Semantic-guided Diverse Decoding for Large Language Model
作者: Weijie Shi, Yue Cui, Yaguang Wu, Jingzhi Fang, Shibo Zhang, Mengze Li, Sirui Han, Jia Zhu, Jiajie Xu, Xiaofang Zhou
分类: cs.CL, cs.AI
发布日期: 2025-06-30 (更新: 2025-09-28)
💡 一句话要点
提出语义引导的多样解码方法以解决大语言模型的语义多样性问题
🎯 匹配领域: 支柱二:RL算法与架构 (RL & Architecture) 支柱九:具身大模型 (Embodied Foundation Models)
关键词: 大语言模型 多样解码 语义引导 强化学习 自然语言处理
📋 核心要点
- 现有方法在实现语义多样性方面存在不足,主要集中于词汇层面的多样性,限制了多样解码的有效性。
- 本文提出的SemDiD方法通过在嵌入空间中直接操作,结合正交引导和动态排斥等机制,实现了语义上的显著区分。

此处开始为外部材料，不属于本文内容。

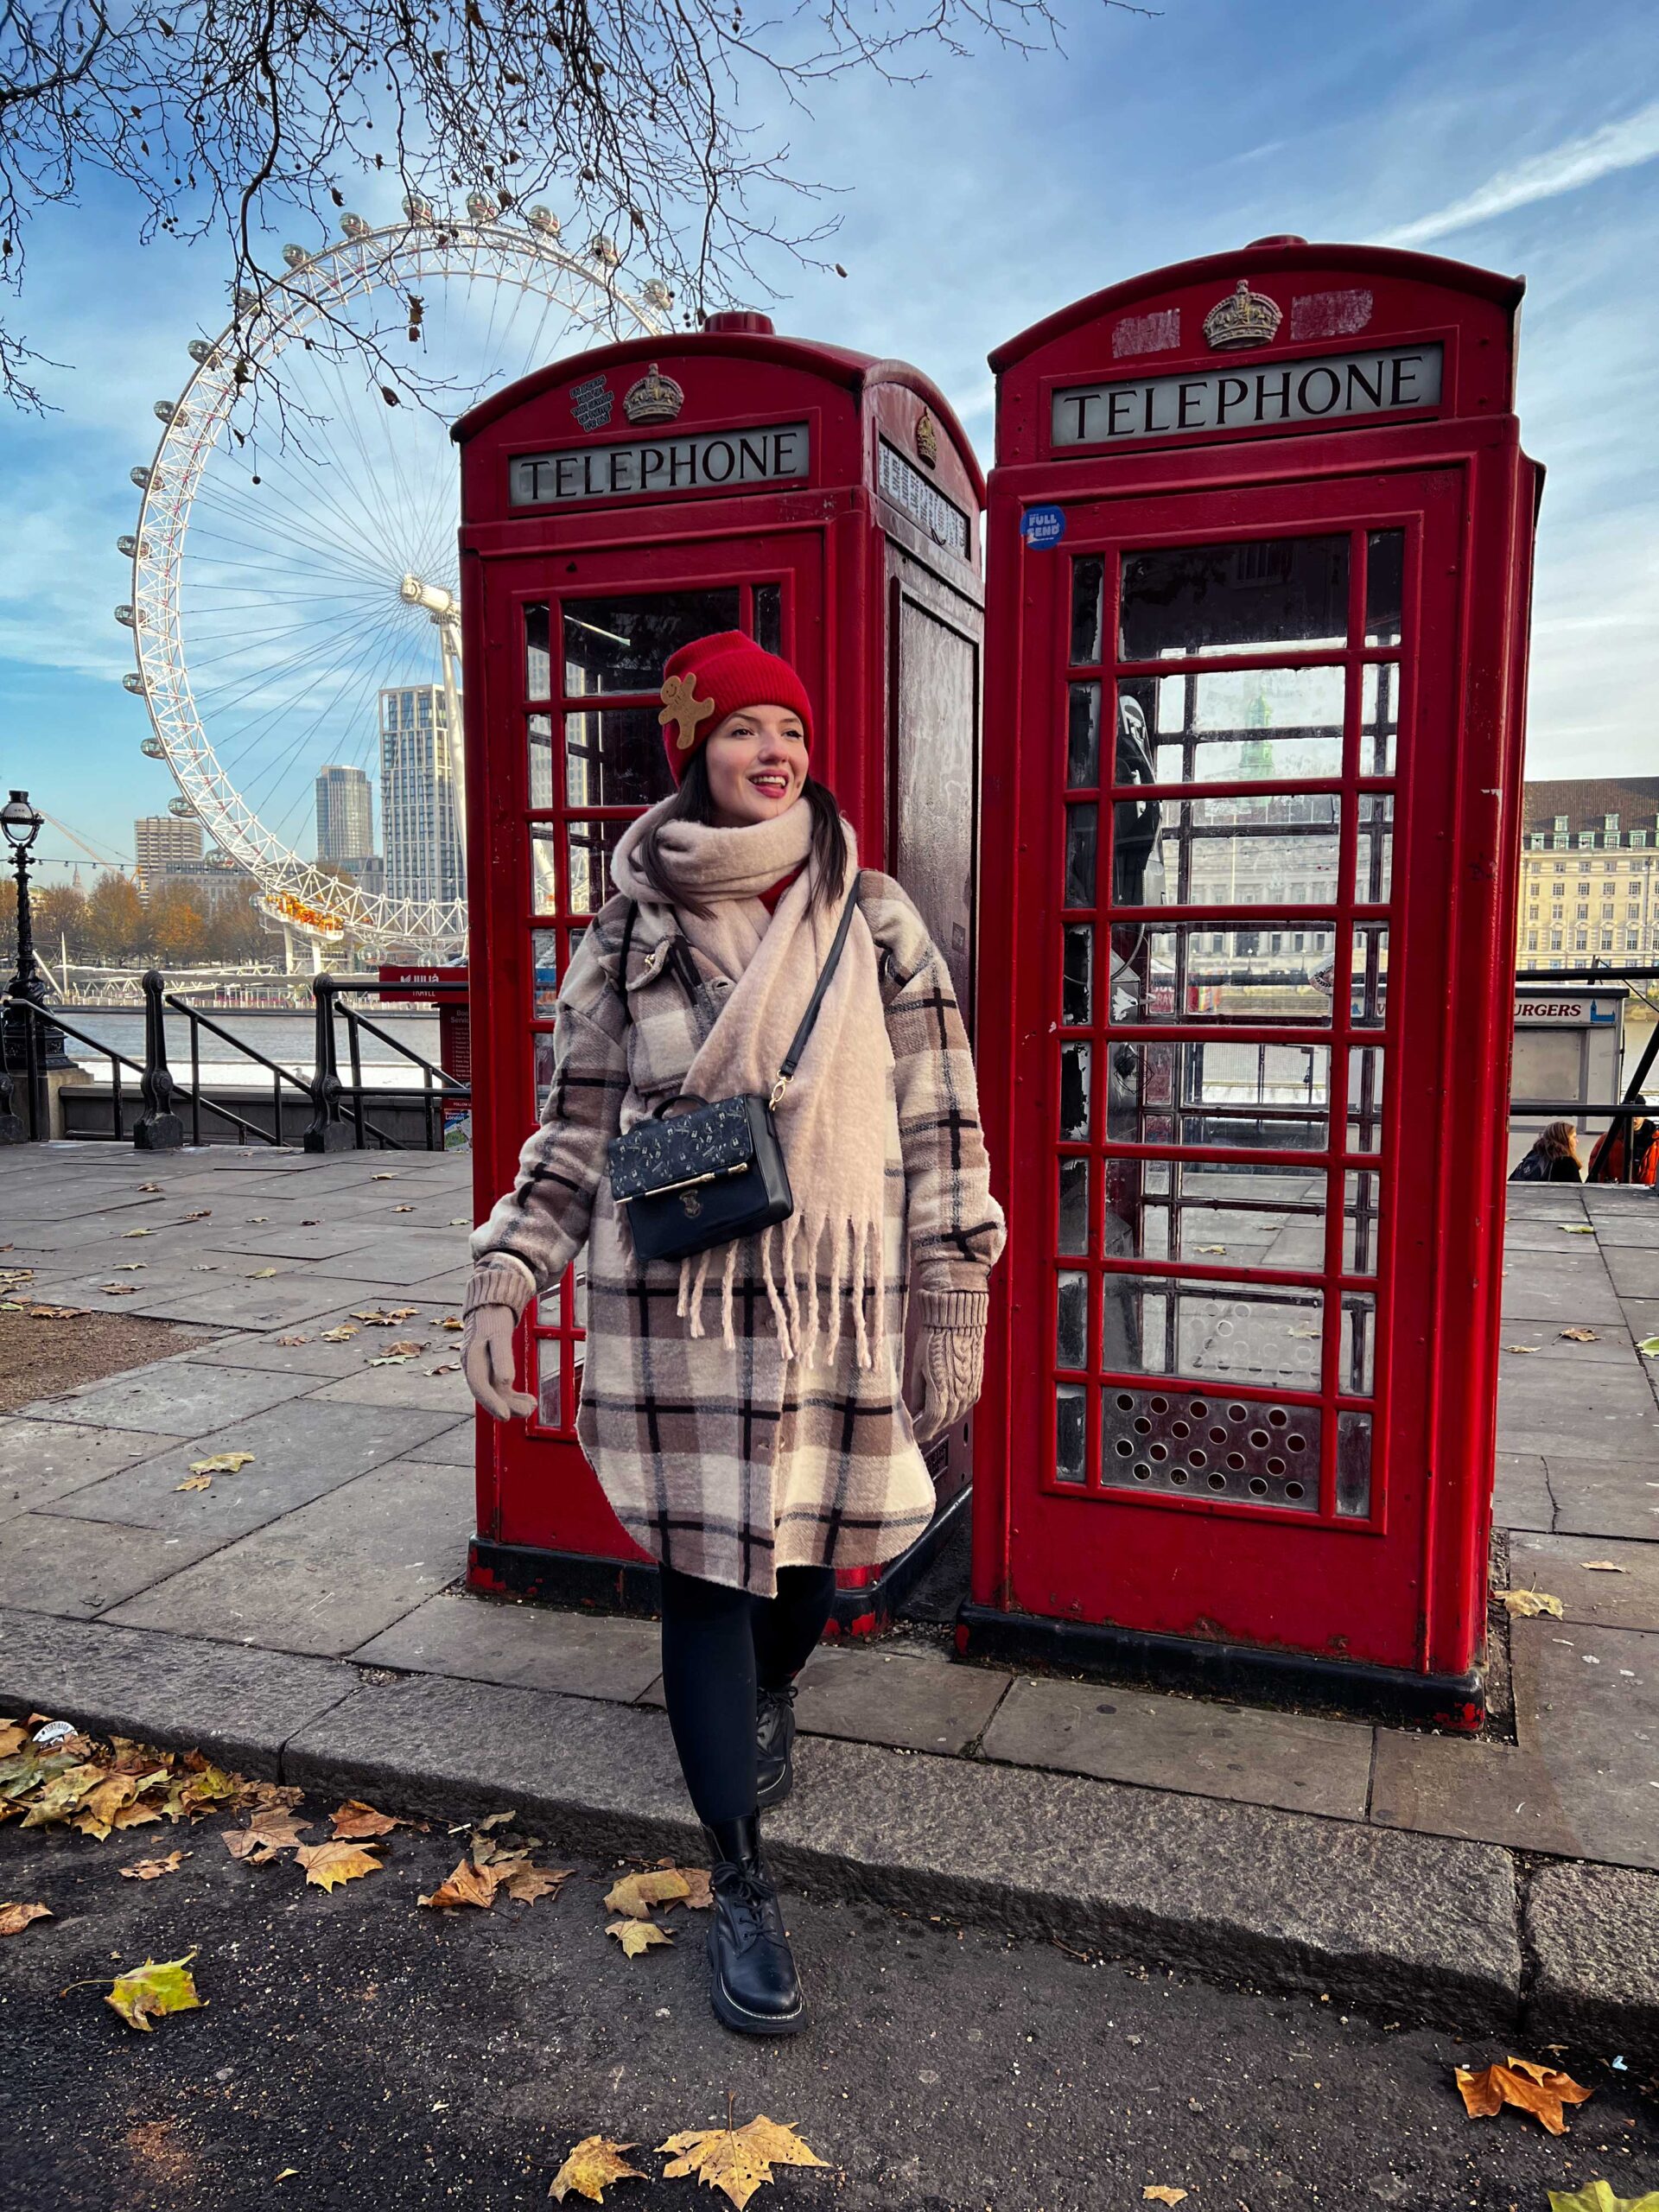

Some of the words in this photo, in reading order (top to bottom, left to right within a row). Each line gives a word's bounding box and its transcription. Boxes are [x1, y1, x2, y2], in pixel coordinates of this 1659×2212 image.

[1064, 356, 1424, 439] TELEPHONE
[520, 432, 798, 499] TELEPHONE
[1028, 514, 1057, 526] FULL
[1514, 1004, 1581, 1016] URGERS

- 实验结果显示,SemDiD在多个任务上提升了最佳选择覆盖率,并加速了训练过程,同时提高了模型的准确性。
📝 摘要(中文)
大语言模型的多样解码在需要多个语义上不同的响应的应用中至关重要,但现有方法主要实现词汇而非语义的多样性。这一局限性显著制约了最佳选择策略、基于组的强化学习和数据合成。本文提出了语义引导的多样解码(SemDiD),该方法直接在嵌入空间中操作,通过正交方向引导、动态组间排斥和位置去偏概率评估三种互补机制平衡质量与多样性。实验表明,SemDiD在多个任务中始终优于现有方法,最佳选择覆盖率提高了1.4-5.2%,同时加速了RLHF训练收敛15%,准确率提高了最多2.1%。
🔬 方法详解
问题定义:本文旨在解决大语言模型在多样解码中缺乏语义多样性的问题。现有方法主要关注词汇层面的多样性,未能有效实现语义上的显著区分,限制了其在实际应用中的效果。
核心思路:SemDiD方法通过在嵌入空间中直接进行操作,采用正交方向引导、动态组间排斥和位置去偏概率评估三种机制,旨在平衡生成文本的质量与多样性,从而确保语义上的显著差异。

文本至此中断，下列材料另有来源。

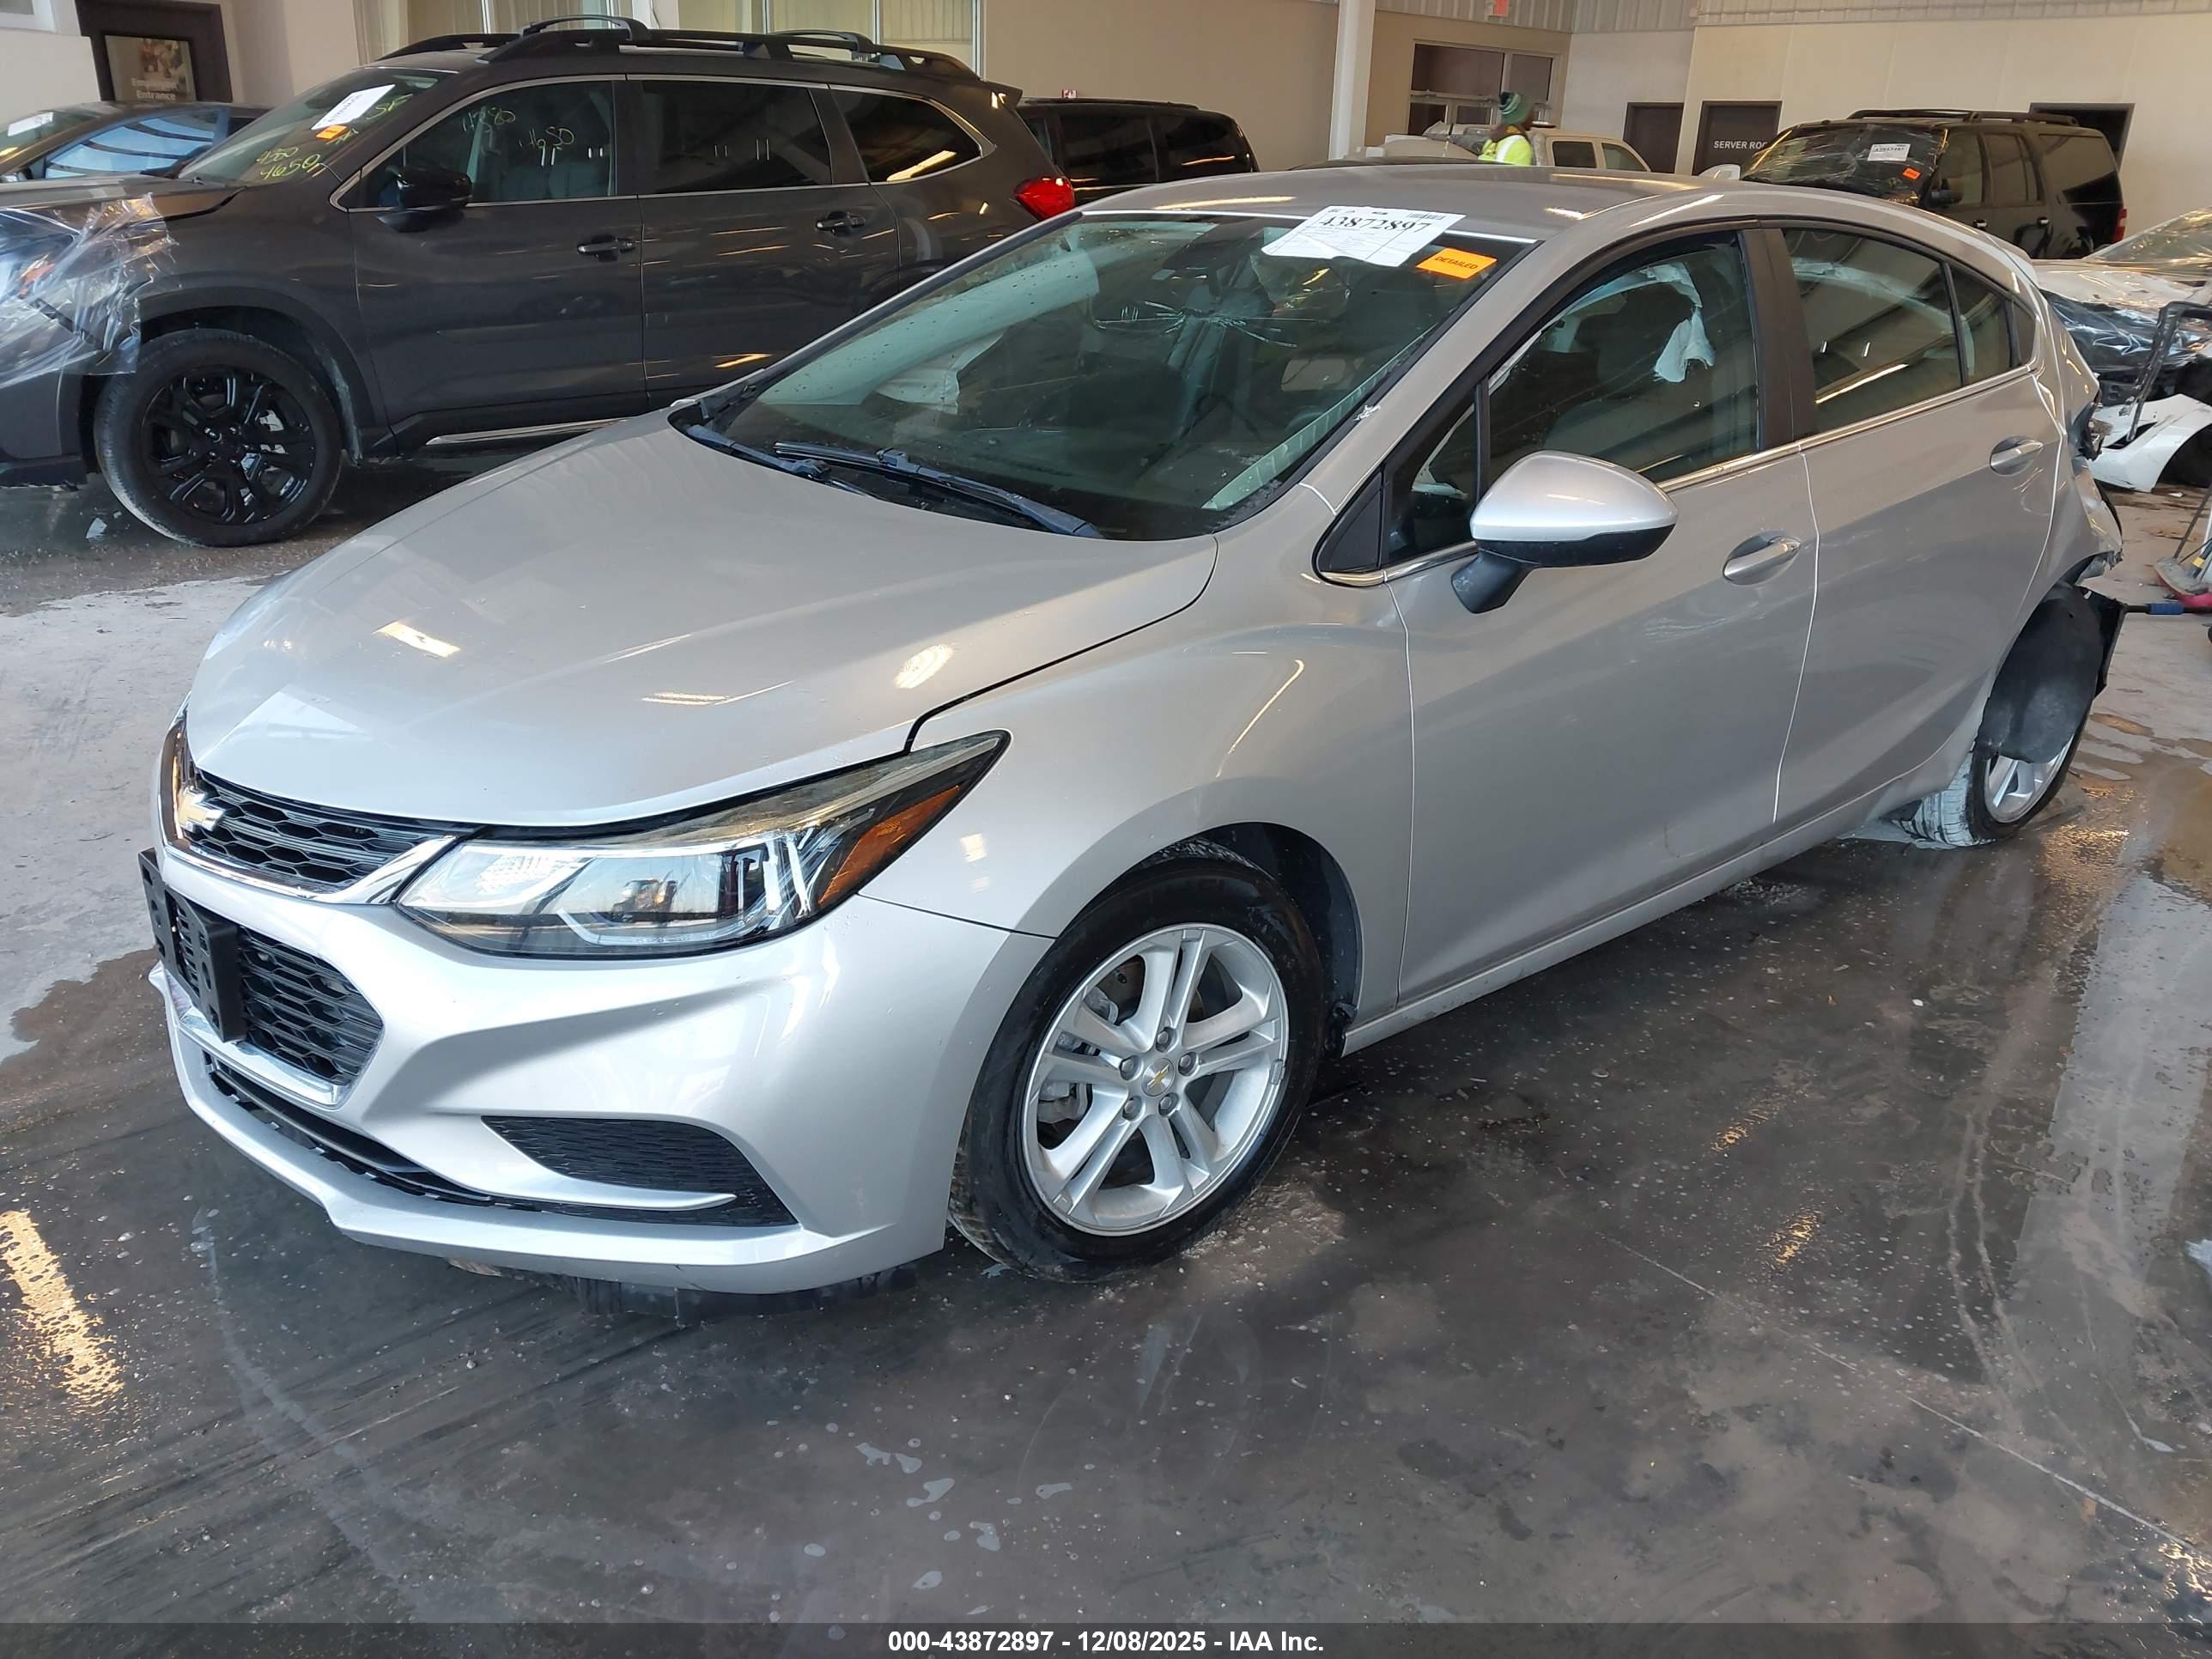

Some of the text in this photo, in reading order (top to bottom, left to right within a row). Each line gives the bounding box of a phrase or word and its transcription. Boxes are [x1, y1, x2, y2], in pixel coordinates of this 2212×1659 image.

[136, 89, 176, 101] Entrance
[1713, 140, 1747, 149] SERVER
[1319, 216, 1432, 234] 43872897
[1434, 256, 1479, 270] DETAILED

技术框架:该方法的整体架构包括三个主要模块:正交方向引导用于引导生成方向,动态组间排斥用于增加生成样本之间的语义差异,位置去偏概率评估用于优化生成的概率分布。
关键创新:SemDiD的核心创新在于其在嵌入空间中直接操作,通过三种互补机制实现语义多样性,这与传统方法的词汇层面调整有本质区别。

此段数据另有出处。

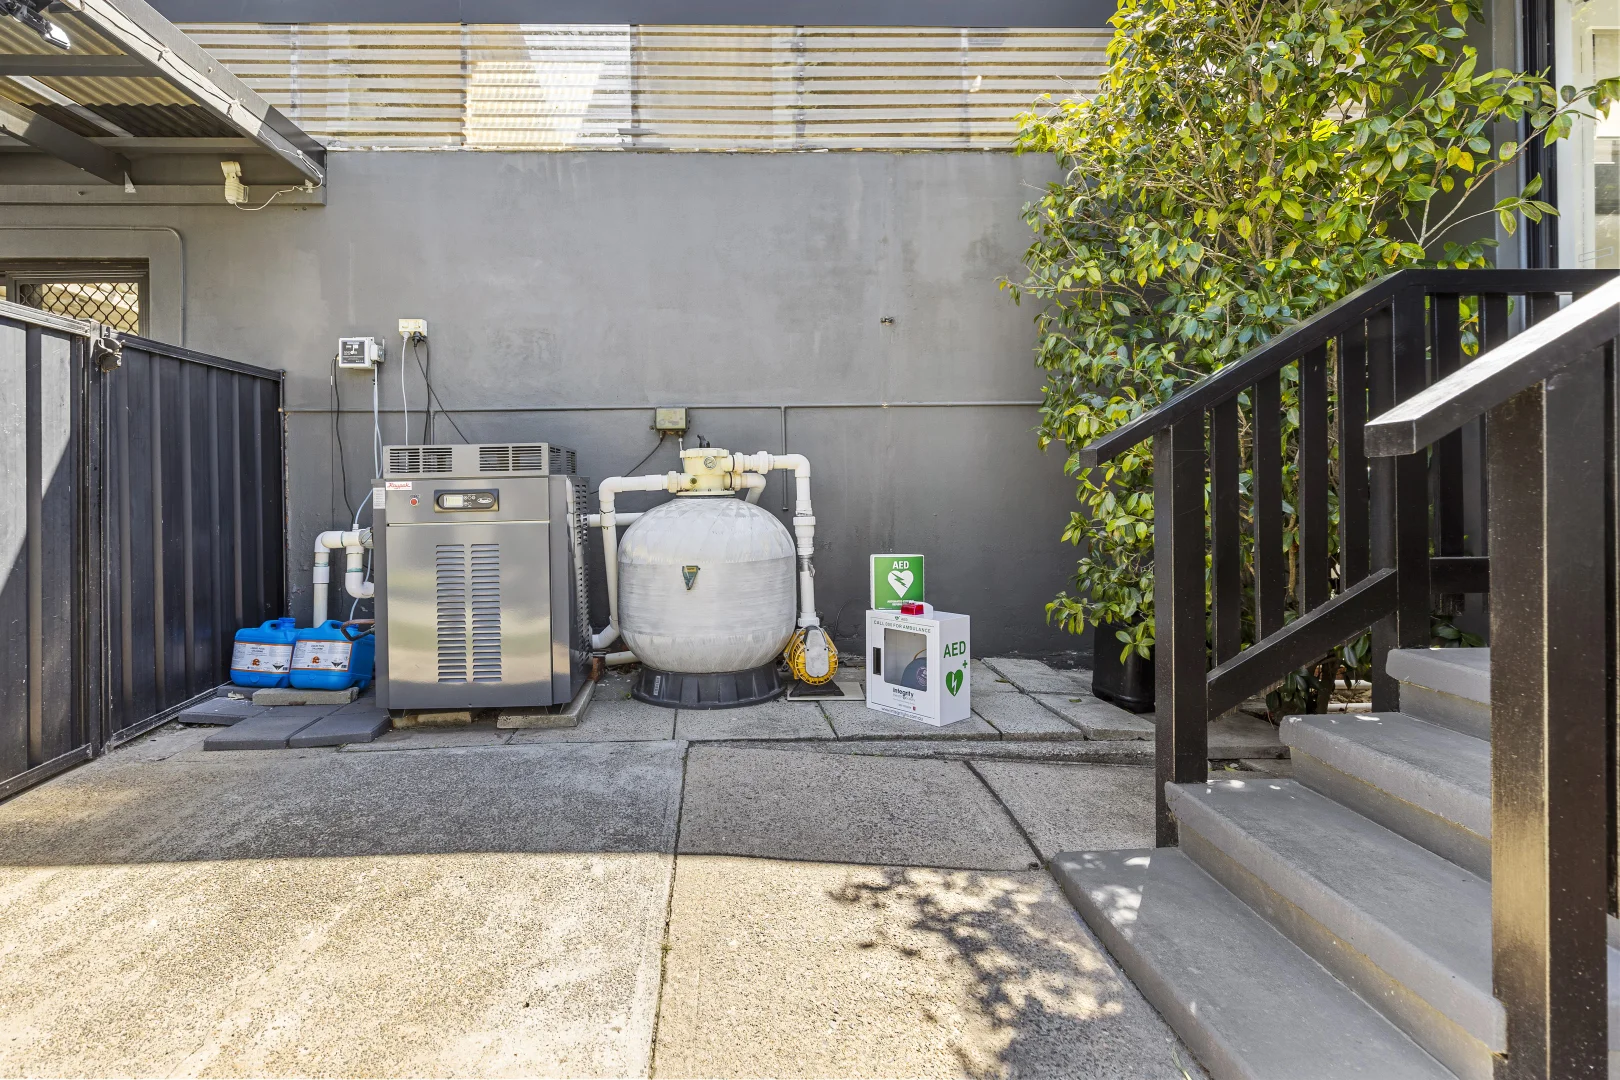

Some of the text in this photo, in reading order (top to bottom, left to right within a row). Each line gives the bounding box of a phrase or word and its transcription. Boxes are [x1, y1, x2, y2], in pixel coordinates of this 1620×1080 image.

[892, 560, 910, 569] AED
[902, 624, 931, 633] AMBULANCE
[943, 640, 966, 659] AED
[892, 687, 915, 698] Integrity

关键设计:在设计上,SemDiD采用自适应增益函数和约束优化来协调质量和多样性目标,确保生成文本达到质量阈值并实现最大语义区分。
📊 实验亮点
实验结果表明,SemDiD在多个任务中表现优异,最佳选择覆盖率提高了1.4-5.2%,同时加速了RLHF训练收敛15%,并在准确性上提升了最多2.1%。这些结果显示了该方法在实际应用中的显著优势。
🎯 应用场景
该研究的潜在应用领域包括对话系统、内容生成和数据合成等场景,能够为需要多样化响应的应用提供更高质量的解决方案。未来,SemDiD方法可能在提升人机交互的自然性和丰富性方面发挥重要作用。
📄 摘要(原文)
Diverse decoding of large language models is crucial for applications requiring multiple semantically distinct responses, yet existing methods primarily achieve lexical rather than semantic diversity. This limitation significantly constrains Best-of-N strategies, group-based reinforcement learning, and data synthesis. While temperature sampling and diverse beam search modify token distributions or apply n-gram penalties, they fail to ensure meaningful semantic differentiation. We introduce Semantic-guided Diverse Decoding (SemDiD), operating directly in embedding space that balances quality with diversity through three complementary mechanisms: orthogonal directional guidance, dynamic inter-group repulsion, and position-debiased probability assessment. SemDiD harmonizes these competing objectives using adaptive gain functions and constraint optimization, ensuring both quality thresholds and maximal semantic differentiation. Experiments show SemDiD consistently outperforms existing methods, improving Best-of-N coverage by 1.4-5.2% across diverse tasks and accelerating RLHF training convergence by 15% while increasing accuracy by up to 2.1%.